Au tout début on était à six au total. Je précise qu’on ne connaissait même pas à la base. C’était la gravité de la situation qui nous avait réunis. On avait la fierté algérienne, qui nous poussait à aider nos chers compatriotes. On payait nous mêmes de nos poches des billets de bus et des lits en auberges de jeunesse en Pologne aux algériens. Ensuite le nombre de personnes qui nous sollicitait a augmenté d’une manière drastique, ce qui a fait qu’on ne pouvait plus gérer tout ce flux, sachant surtout qu’on a même reçu des messages de personnes originaires d’Ouzbékistan, des autres pays du Maghreb…etc, tellement on est devenus une référence.

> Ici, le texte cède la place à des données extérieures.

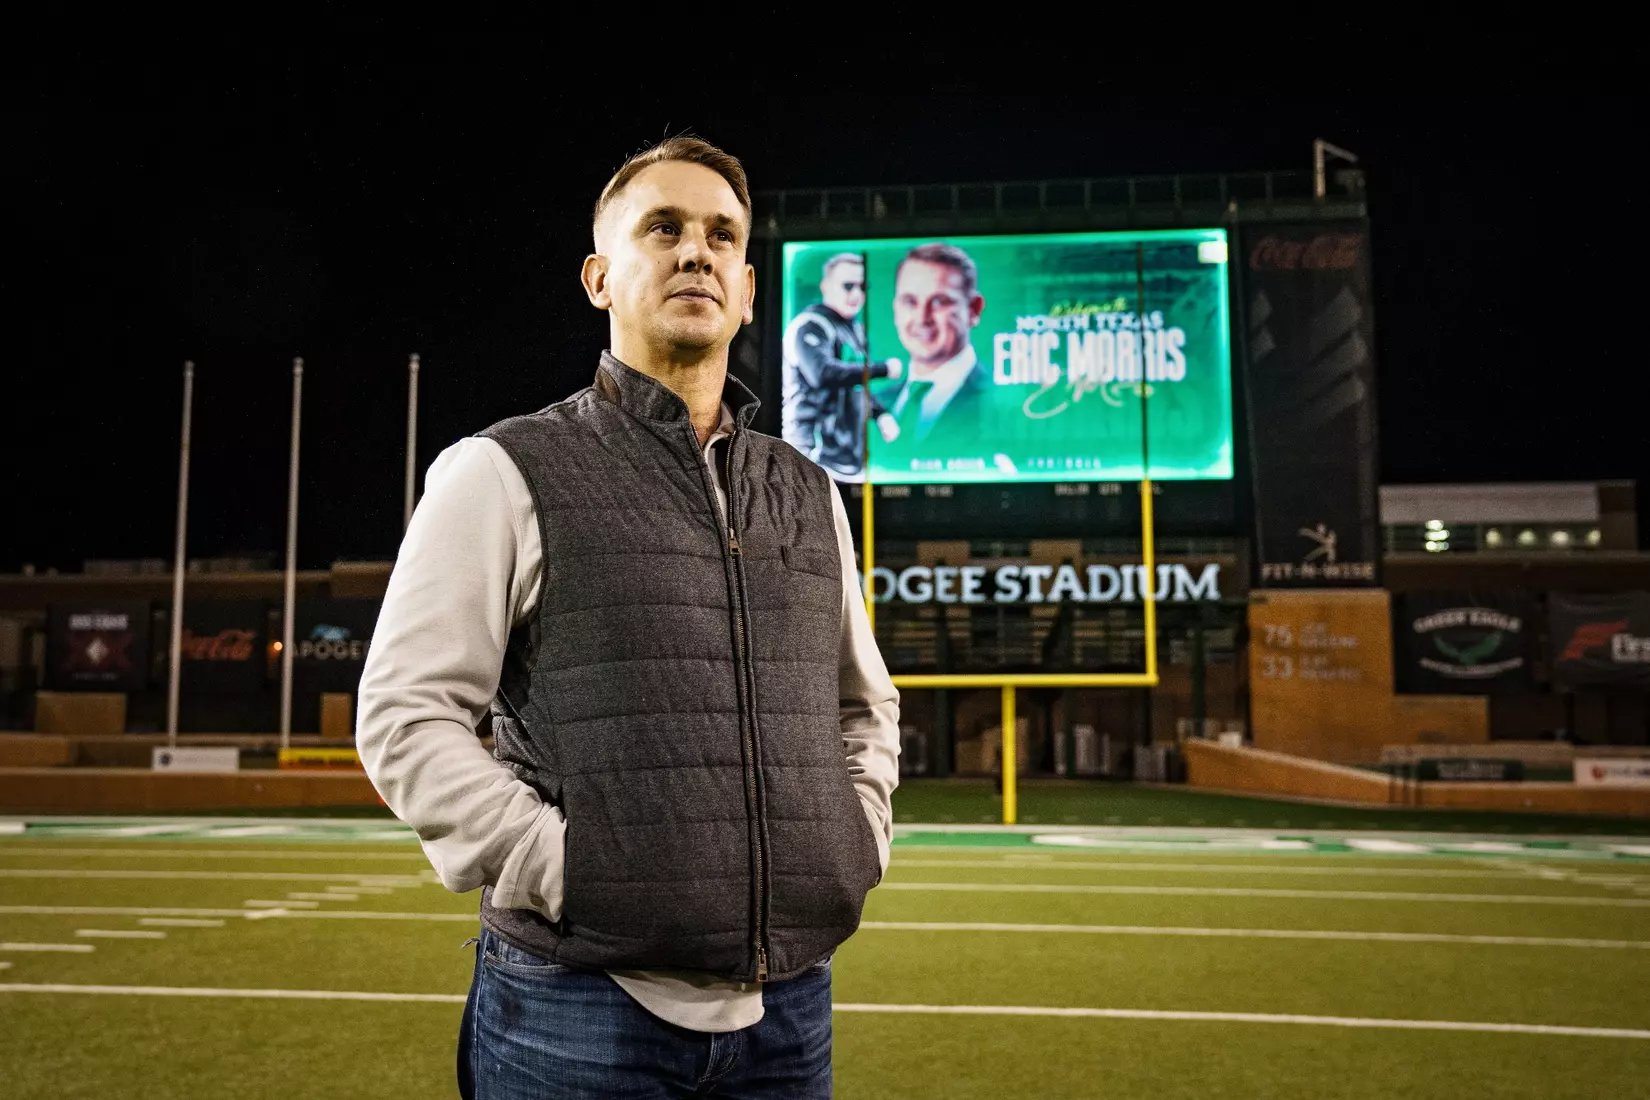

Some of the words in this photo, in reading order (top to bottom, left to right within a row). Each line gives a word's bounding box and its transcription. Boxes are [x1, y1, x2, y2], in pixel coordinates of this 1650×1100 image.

Toutes ces données m’ont poussé à demander de l’aide à mes abonnés sur Instagram. Ces derniers ne m’ont pas du tout déçu. Je ne les remercierai jamais assez pour cela ! En premier, je faisais l’intermédiaire entre les personnes qui voulaient sortir d’Ukraine et celles qui voulaient les aider.
Puis, à un certain moment, on a vu qu’on pouvait faire mieux, et c’est là que j’ai posté mon compte Paypal en story, et figurez vous qu’on a pu récolter pas moins de 8000 euros en quelques heures. Suite à cela, on s’est très bien répartis les tâches avec toute mon équipe, on a créé un groupe sur Télégram que je gérais via mon Insta, qui nous a énormément servi. On a même créé un fichier Excel, dans le but d’optimiser notre organisation. Une partie de l’argent récolté a également été reversée à une association en Algérie, qui l’a bien reçu et nous a délivré un document dans ce sens.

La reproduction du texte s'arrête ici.